━━ EXERCISE INPUT ━━

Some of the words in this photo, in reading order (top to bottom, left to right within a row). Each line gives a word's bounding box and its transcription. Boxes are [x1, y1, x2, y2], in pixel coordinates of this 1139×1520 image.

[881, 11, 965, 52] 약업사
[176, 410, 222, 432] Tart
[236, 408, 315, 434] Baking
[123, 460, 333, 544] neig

━━━

TASK OBJECTIVE: Each line of the records should be repeated exactly as it stands.

SOLUTION TO THE EXERCISE:
Some of the words in this photo, in reading order (top to bottom, left to right within a row). Each line gives a word's bounding box and its transcription. Boxes are [x1, y1, x2, y2], in pixel coordinates of this 1139×1520 image.

[881, 11, 965, 52] 약업사
[176, 410, 222, 432] Tart
[236, 408, 315, 434] Baking
[123, 460, 333, 544] neig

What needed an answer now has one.